As an alternative example, here is a trivial fibonacci in recursive form:

static int fib(int n) {
  if (n == 0) return 0;
  if (n == 1) return 1;
  return fib(n - 1) + fib(n - 2);
}

it's recursive, but not TCRable. Here's a TCRable one:

static int fib(int n) {
  return fib0(n, 0, 1);
}

private static int fib0(int n, int a, int b) {
  if (n == 0) return a;
  if (n == 1) return b;
  return fib0(n - 1, b, a + b);
}

It's completely different, appears to approach the problem mostly from the other direction (we build 'up' from 0/1 instead of building 'down'). That should do a few things:

  • make intuitive to you that there is no simple 'recipe' for turning non-TCR recursive algorithms into TCR recursive algorithms.
  • What TCR algorithms look like.

Upvotes: 2

teapot418
teapot418

Reputation: 2578

If you want an efficient implementation that does not grow the stack, you are out of luck, java does not do the tail-call optimization as explained by @rzwitserloot.

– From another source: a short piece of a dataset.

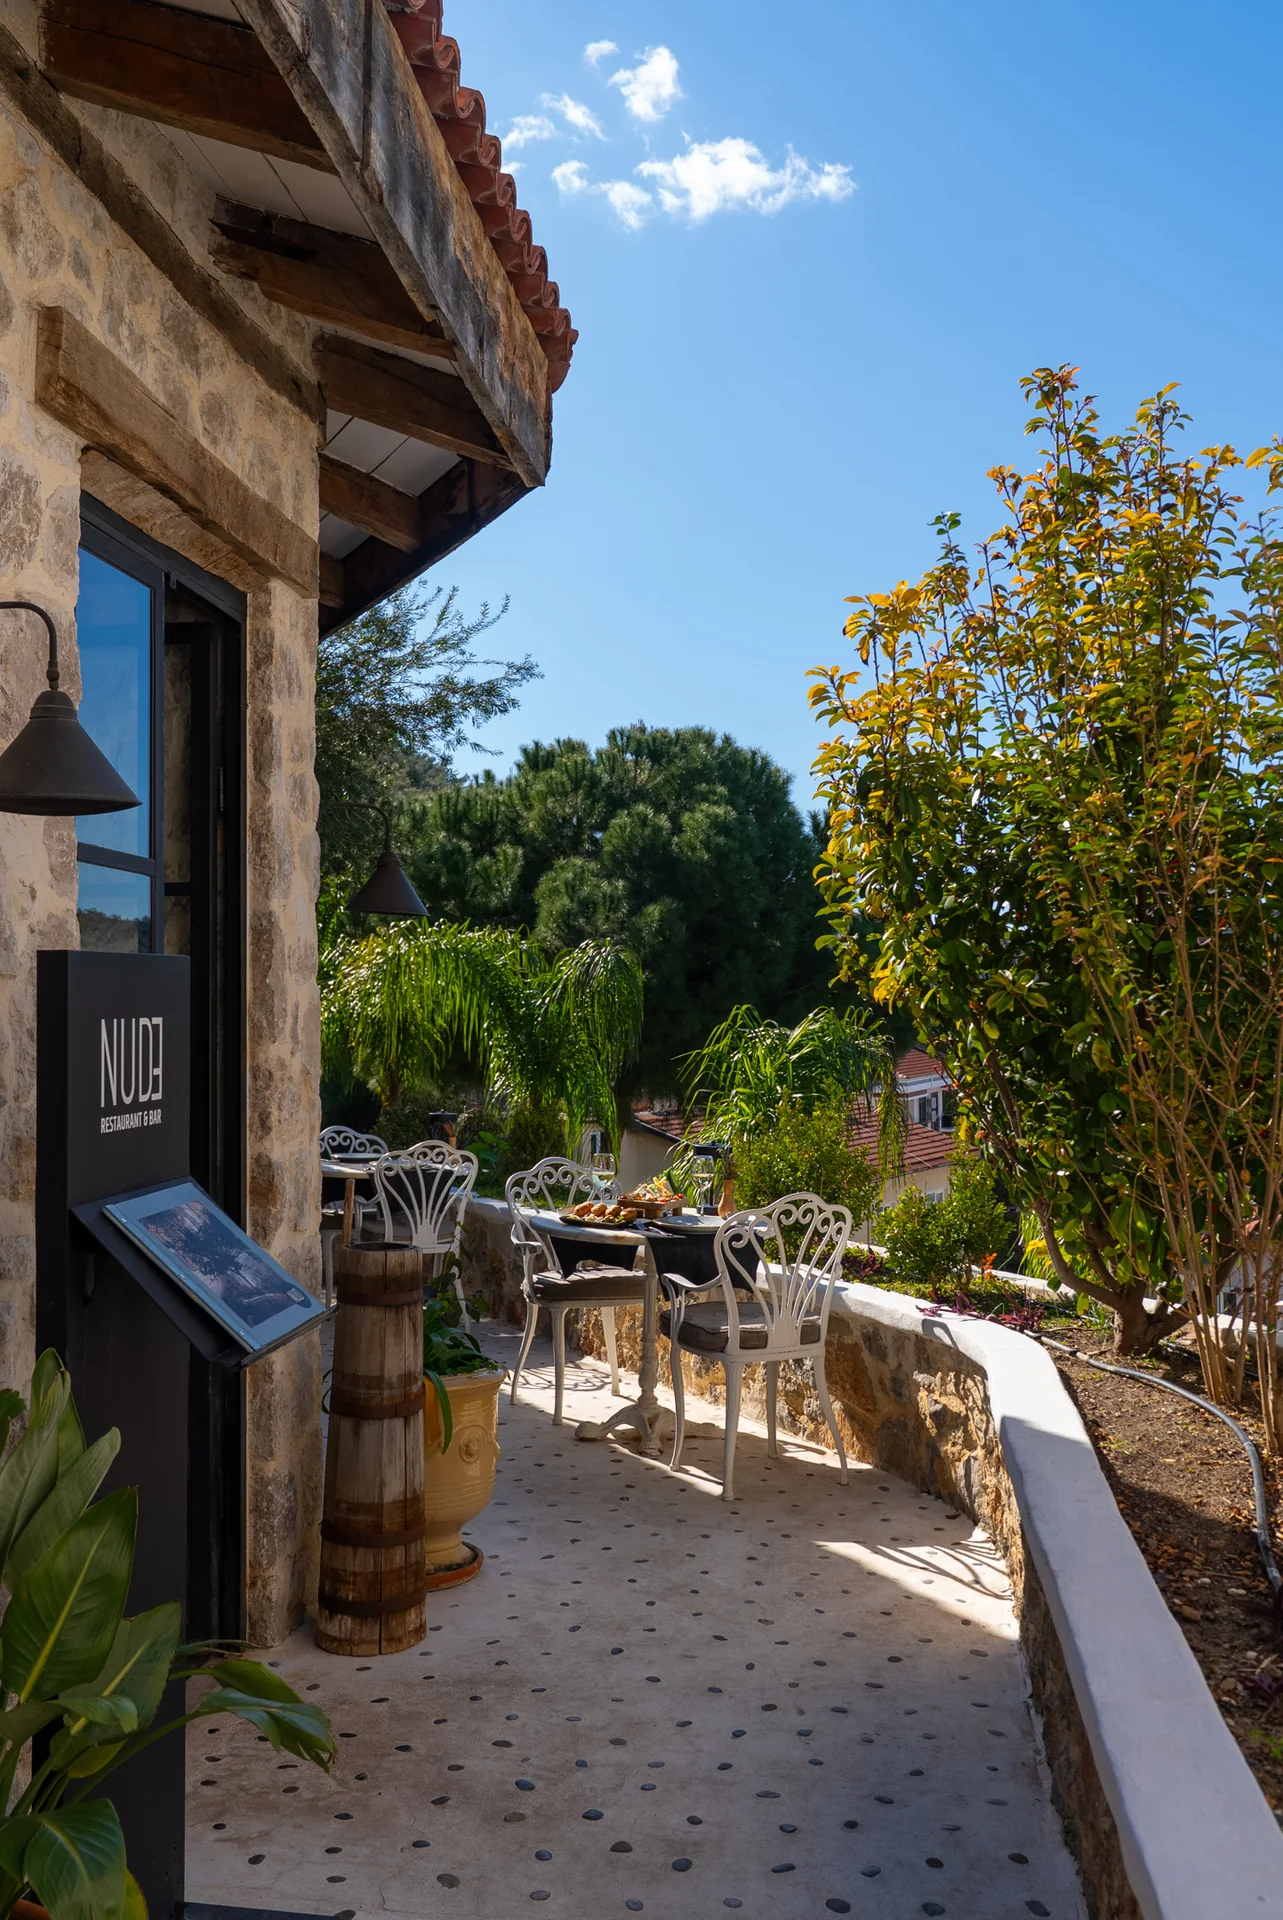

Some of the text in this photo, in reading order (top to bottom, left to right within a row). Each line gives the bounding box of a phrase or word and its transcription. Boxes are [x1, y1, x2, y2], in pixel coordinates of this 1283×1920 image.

If you just want to satisfy the 'last call to itself' rule for whatever reason, you could do something like

public static long binomCoeffRecursive(int n, int k) {
    return binomCoeffRecursiveInternal(n, k, 0);
}

private static long binomCoeffRecursiveInternal(int n, int k, long offset) {
    if (n == k) {
        return 1+offset;
    }
    if (k > n) {
        return offset;
    }
    if (k == 0) {
        return 1+offset;
    }
    offset += binomCoeffRecursiveInternal(n-1, k-1, 0);
    return binomCoeffRecursiveInternal(n - 1, k, offset);
}

which is a mix of ordinary and tail recursion.

Upvotes: 0

Louis Wasserman
Louis Wasserman

Reputation: 198471

You can't get a tail recursive implementation with that formula because you cannot "connect the two calculations into one recursive call" like you're hoping for. Tail recursion is only possible when there's only one recursive call, and you can't fuse them together.

There are tail-recursive implementations for calculating binary coefficients, however, that only use one recursive call. An iterative implementation suitable for conversion to tail recursion can be found, for example, in Guava. (Disclosure: I wrote it.) That depends on the multiplicative formula.